During the 2012 offseason, when Bazemore was an undrafted rookie trying to make the Warriors roster, his agent contacted Under Armour and convinced the company to take a chance on Bazemore as an endorser, noting that rising Warriors stars Curry and Klay Thompson had endorsement deals set to expire in the near future. Under Armour signed Bazemore to a deal, mainly providing massive amounts of branded merchandise—enough to allow Bazemore to provide clothing to several Warriors staff members. Once Bazemore made the team, he and his fellow North Carolinian Curry bonded over their common origins and shared work ethic.
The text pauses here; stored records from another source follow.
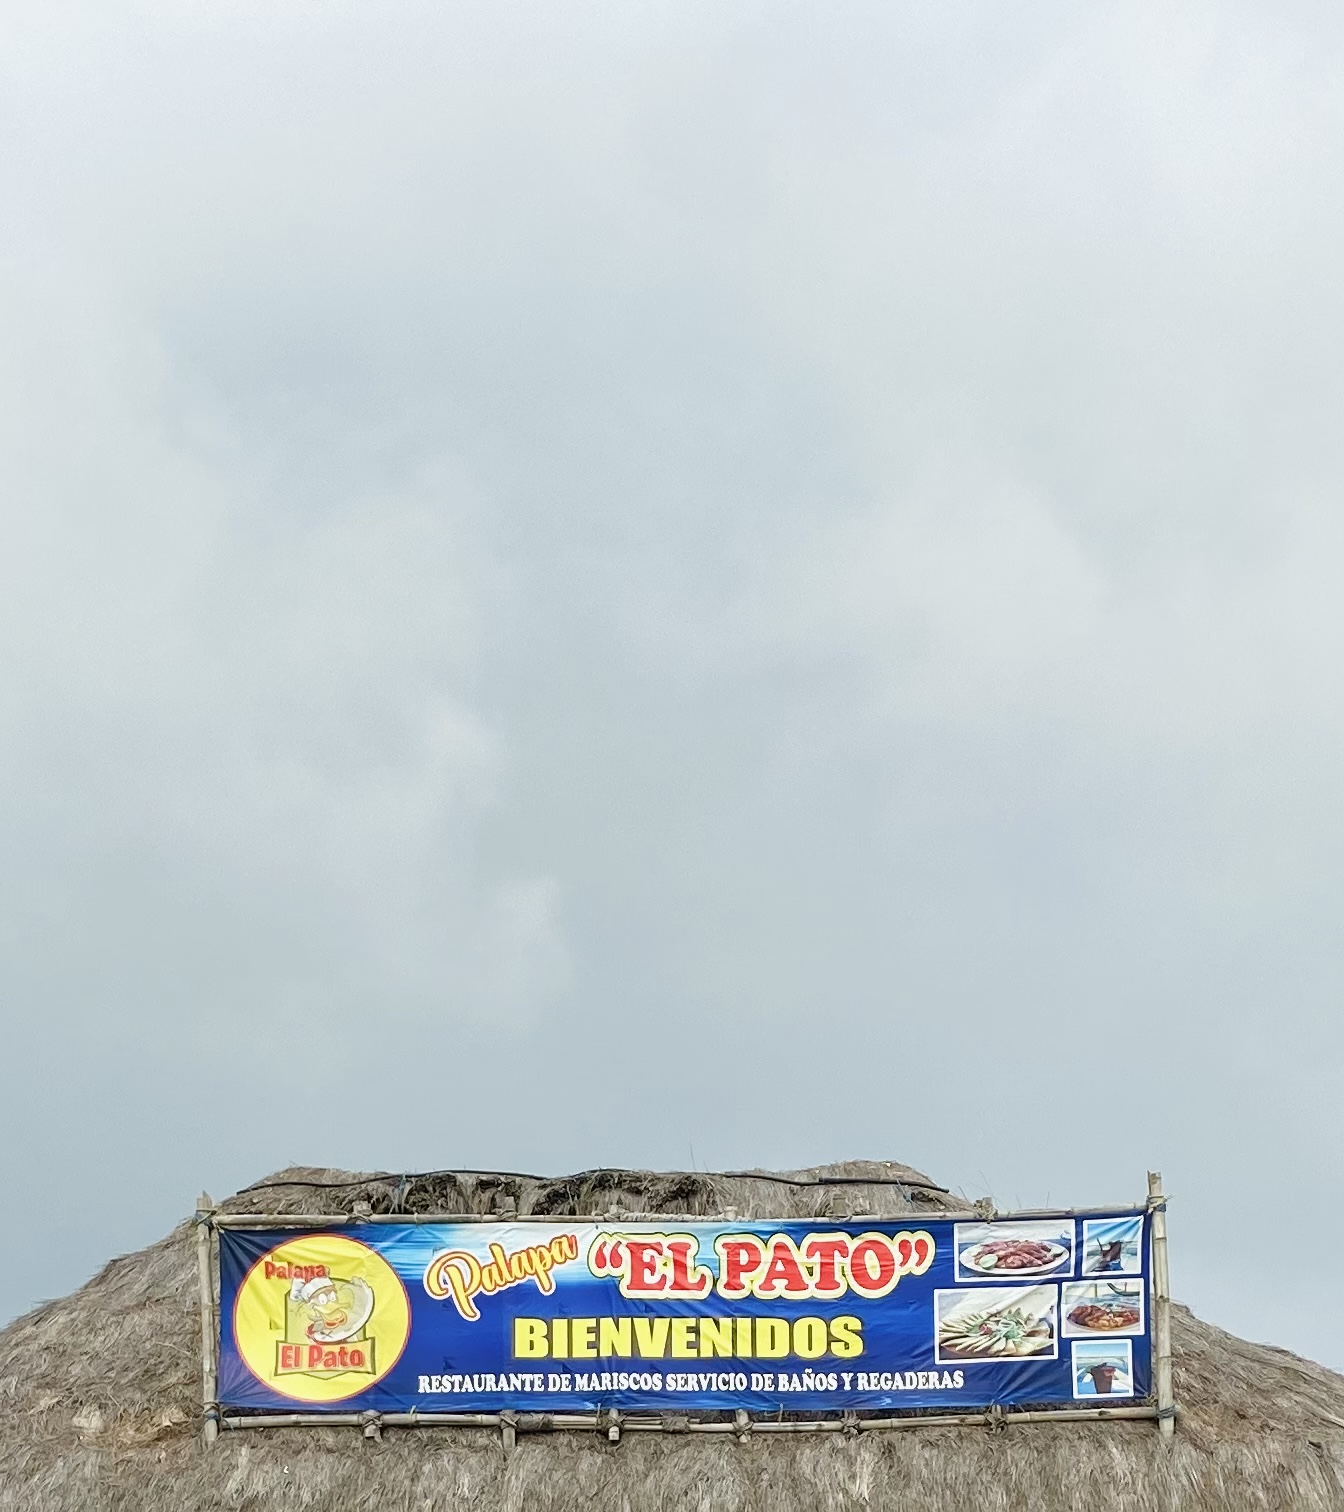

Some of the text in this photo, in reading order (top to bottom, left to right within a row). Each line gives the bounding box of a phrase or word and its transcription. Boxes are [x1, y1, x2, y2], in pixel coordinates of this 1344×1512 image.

[264, 1260, 327, 1283] Palapa
[426, 1234, 579, 1318] Palapa
[513, 1315, 864, 1359] BIENVENIDOS
[281, 1344, 365, 1368] El Pato
[417, 1367, 965, 1393] RESTAURANTE DE MARISCOS SERVICIO DE BAÑOS Y REGADERAS
Bazemore then sold Curry on signing with Under Armour, which he did following several missteps by Nike. According to Strauss, "UA owes him [Bazemore] now. Big time." As a result, Bazemore has a six-figure deal with the company, an unusually high amount for a player of his stature in the league. The company also recognized Bazemore's role in luring Curry by signing an apparel deal with Old Dominion for seven times the amount that the school had previously received from Nike. His deal with Under Armour enabled him to provide most of the funding for ODU's new basketball practice facility.